# Siezed 5hp 22" with snow on the way



## 1215 (Mar 2, 2015)

A family member recently gave us a 22" 5.0 (Tecumseh) Craftsman snowblower. It came to us in excellent (visual) but unknown mechanical condition. I had changed the oil in it a few times but ran out of 30wt and never got around to filling it up. As per my usual, I taped the key to the top of the oil cap and wrote in giant caps marker "NO OIL". 

My kid started the snow machine this afternoon to make sure it was working properly before the upcoming snow storm, etc. I'm on my way home (was travelling for work) and all that I know is that he can't pull the crank and that the electric starter does not work. 

I've had a bunch of race cars over the years and I've blown up more motors than I can remember. Are these things easy to (quickly) tear down and rebuild or am I talking about a multi-day project more than a few hours? 

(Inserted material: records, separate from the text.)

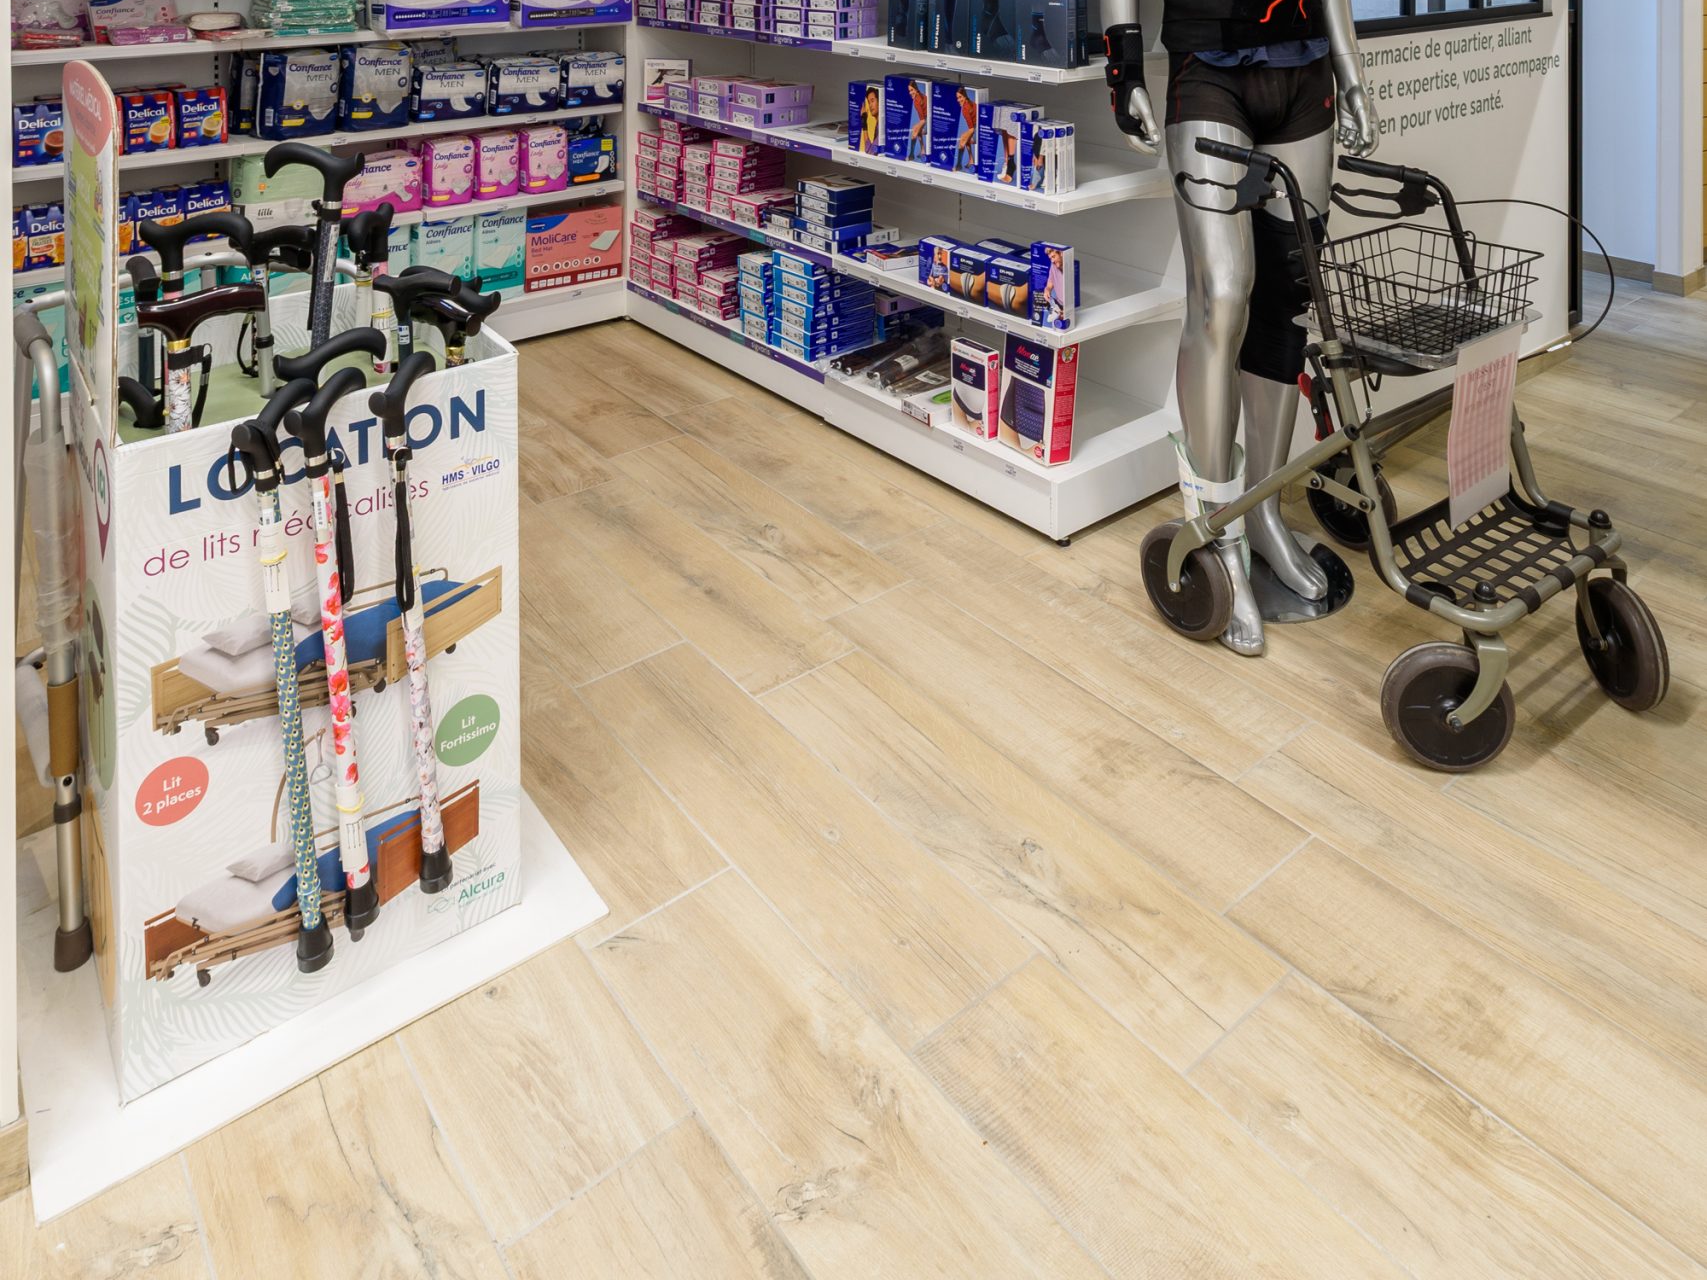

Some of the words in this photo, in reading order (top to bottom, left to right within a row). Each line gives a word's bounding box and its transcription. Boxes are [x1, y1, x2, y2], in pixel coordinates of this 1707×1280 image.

[1361, 41, 1421, 68] armacie
[1425, 38, 1440, 58] de
[1445, 34, 1494, 60] quartier,
[1498, 27, 1532, 48] alliant
[289, 62, 333, 73] Confiance
[358, 56, 402, 68] Confiance
[571, 61, 607, 71] Confiance
[375, 67, 400, 76] MEN
[425, 71, 466, 82] Confiance
[502, 67, 540, 77] Confiance
[585, 67, 607, 76] MEN
[1379, 82, 1393, 100] et
[1397, 70, 1460, 100] expertise,
[1463, 64, 1490, 85] vous
[1493, 52, 1560, 78] accompagne
[306, 74, 333, 82] MEN
[440, 80, 465, 88] MEN
[516, 75, 539, 83] MEN
[129, 107, 165, 119] Delical
[182, 102, 217, 113] Delical
[1400, 110, 1431, 136] pour
[1435, 99, 1467, 122] votre
[1470, 90, 1504, 115] santé.
[19, 117, 61, 129] Delical
[530, 139, 561, 149] Confiance
[770, 135, 790, 148] sigvaris
[482, 144, 514, 154] Confiance
[434, 152, 469, 161] Confiance
[572, 151, 599, 160] Confiance
[361, 164, 392, 175] fiance
[188, 196, 224, 209] Delical
[138, 204, 177, 217] Delical
[257, 208, 273, 217] lille
[31, 221, 64, 233] Delic
[482, 215, 524, 228] Confiance
[426, 224, 472, 238] Confiance
[531, 232, 577, 247] MoliCare
[168, 389, 485, 515] LOCATON
[442, 470, 464, 485] HMS
[472, 459, 500, 476] VILGO
[143, 548, 190, 577] de
[203, 531, 241, 562] lits
[461, 714, 476, 731] Lit
[440, 720, 496, 752] Fortissimo
[163, 775, 183, 792] Lit
[143, 802, 153, 816] 2
[156, 784, 202, 812] places
[458, 872, 505, 903] Alcura

Is this something that I can hone/clena up the bore lightly with an emery cloth and get it through the storm or am I talking rod & crank bearings more than rings (or all of the above)? 

Thanks.


----------



## Vermont007 (Mar 29, 2015)

How did it last come to a stop ?

If your Son had it running, while waiting for the SnowStorm, and it seized up . . . . I'd reckon that he wiped part of the aluminium Piston Rod onto the Crank Shaft.

You'll only know after you take it apart.


----------



## 1215 (Mar 2, 2015)

No idea. He said he had it running and it stopped running. There is gas in it and there was no oil. Wondering if this is going to be a ring issue or rod issue or both. Also how long to tear these things apart? (I have a full shop)
Thx for reply.


----------



## nwcove (Mar 2, 2015)

jmo, but if its single shaft ( no pto) engine, a harbor freight predator for $99 could be installed in less than an hour usually. and those do come with no oil also.


----------



## 43128 (Feb 14, 2014)

take a breaker bar and pull off the recoil, give it a good tug and you might break it free. if you do break it free, add some 5w30 and hope it doesnt chuck the rod


----------



## skutflut (Oct 16, 2015)

You're not going to know what's damaged until you open the engine and see. Probably pull the head off first, and see if cylinder bore is toast. Probably need a breaker bar to turn it because the law of Murphy says the piston will be at the top. If the bore is toast, then it's not a 2 hour rebuild. If the cylinder is good, you will need to round up all the other bits like rings, connecting rod, probably bearings/bushings and seals. If all the parts are available from stock, maybe your're in business. 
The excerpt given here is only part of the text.